• **Exercise brief**
Transcribe each line of the records below exactly, excluding any embedded images.

######

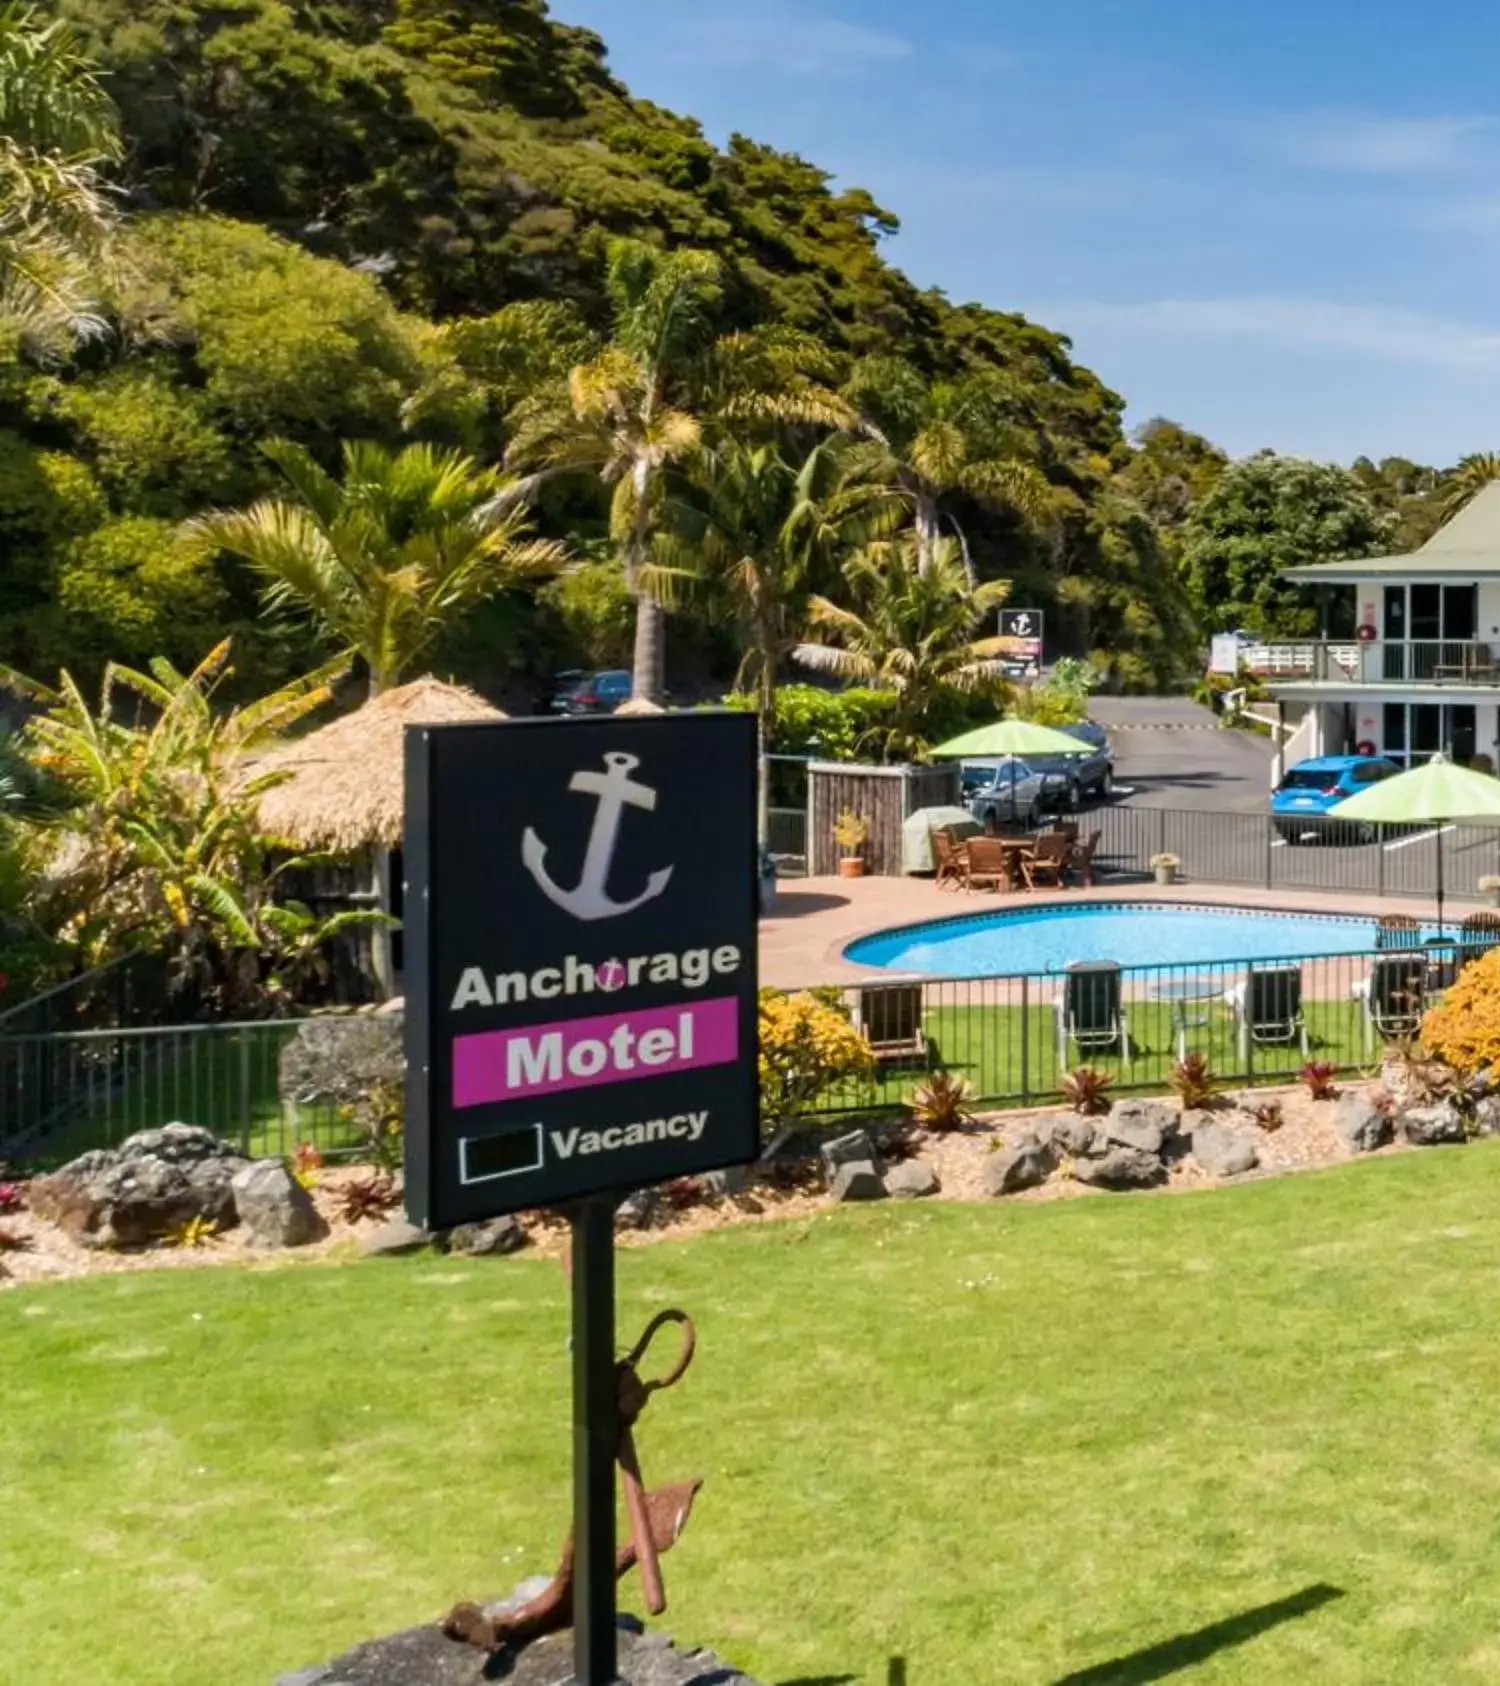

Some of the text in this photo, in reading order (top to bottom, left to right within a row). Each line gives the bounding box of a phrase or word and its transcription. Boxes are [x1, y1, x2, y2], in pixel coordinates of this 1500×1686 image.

[452, 946, 740, 1009] Anchorage
[507, 1013, 693, 1088] Motel
[552, 1112, 707, 1158] Vacancy
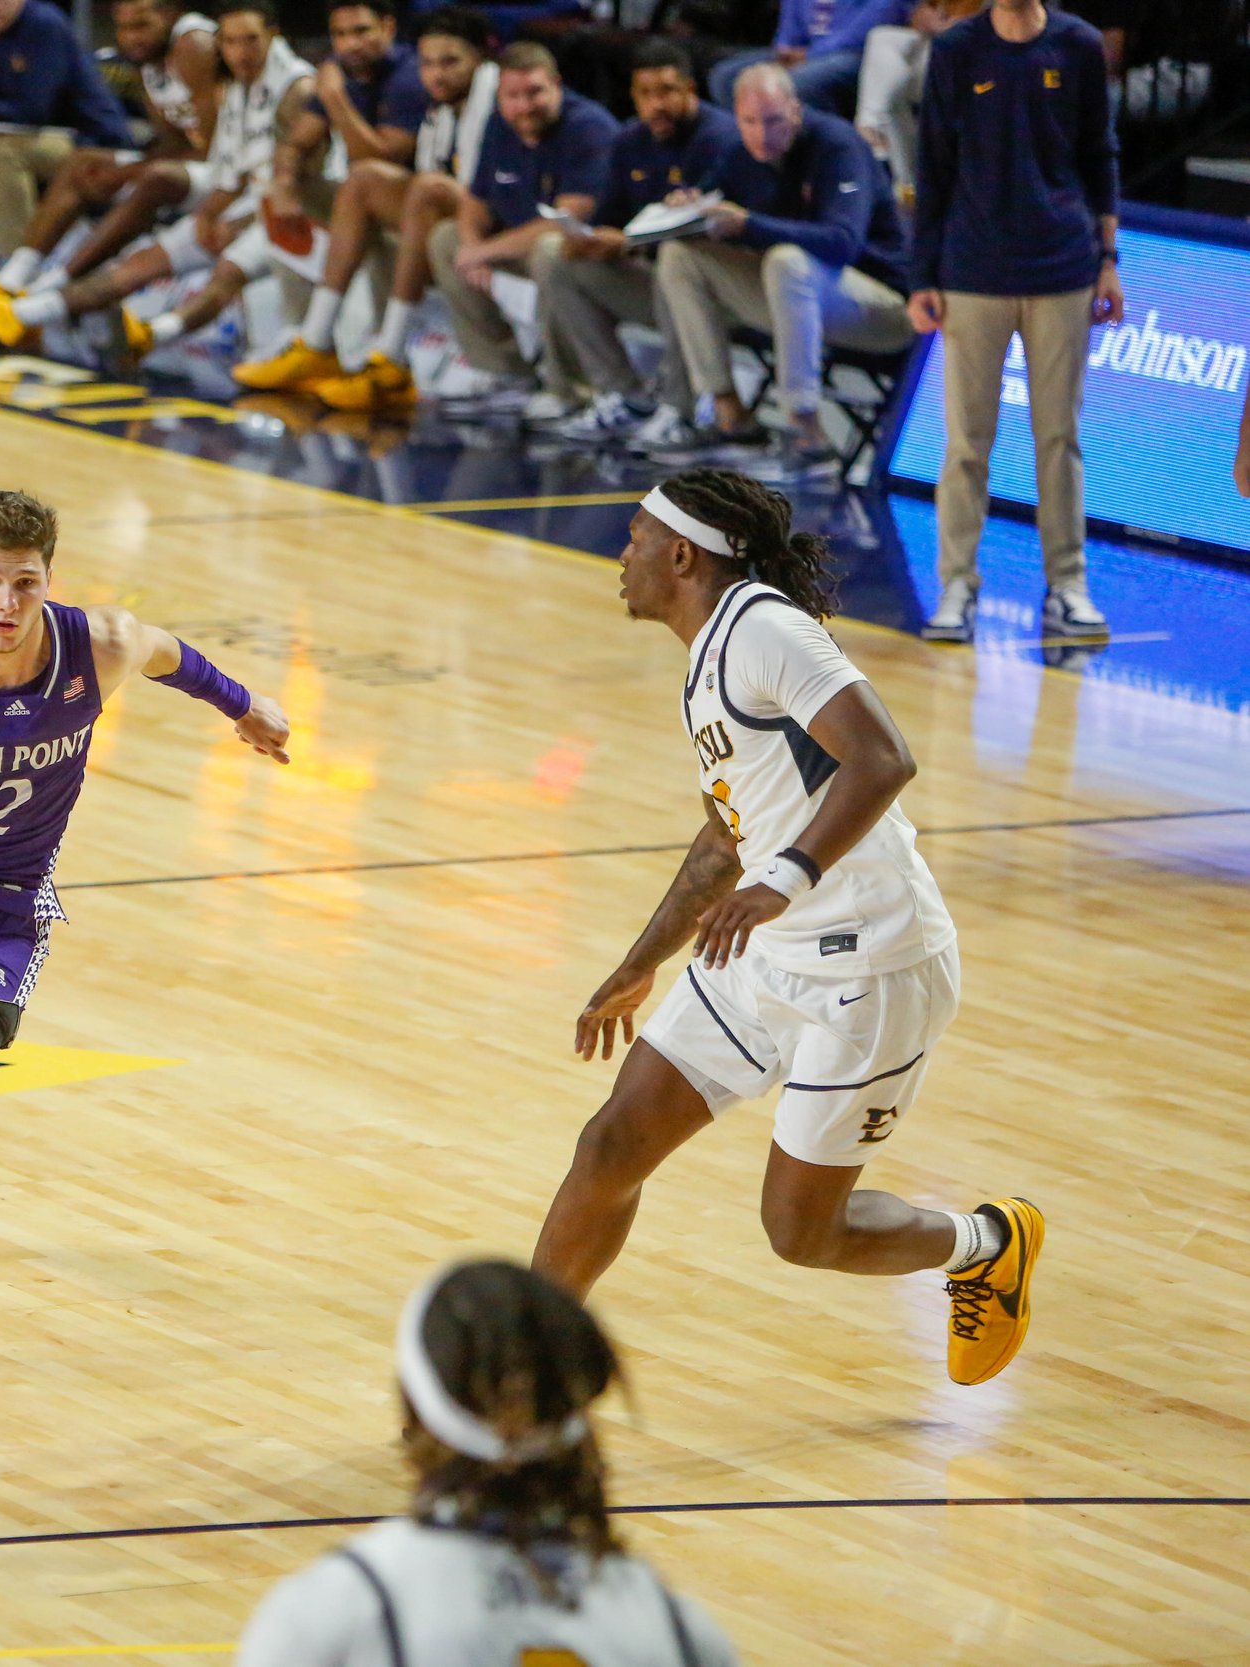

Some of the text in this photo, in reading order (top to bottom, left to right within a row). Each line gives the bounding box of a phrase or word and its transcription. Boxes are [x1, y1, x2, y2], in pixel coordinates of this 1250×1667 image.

[3, 709, 31, 717] adidas
[11, 723, 91, 772] POINT
[694, 720, 735, 773] TSU
[858, 1105, 899, 1144] E

######

• **Written solution**
Some of the text in this photo, in reading order (top to bottom, left to right within a row). Each line gives the bounding box of a phrase or word and its transcription. Boxes are [x1, y1, x2, y2], in pixel coordinates of this 1500×1686 image.

[452, 946, 740, 1009] Anchorage
[507, 1013, 693, 1088] Motel
[552, 1112, 707, 1158] Vacancy

Some of the text in this photo, in reading order (top to bottom, left to right within a row). Each line gives the bounding box of a phrase or word and its transcription. Boxes are [x1, y1, x2, y2], in pixel coordinates of this 1250×1667 image.

[3, 709, 31, 717] adidas
[11, 723, 91, 772] POINT
[694, 720, 735, 773] TSU
[858, 1105, 899, 1144] E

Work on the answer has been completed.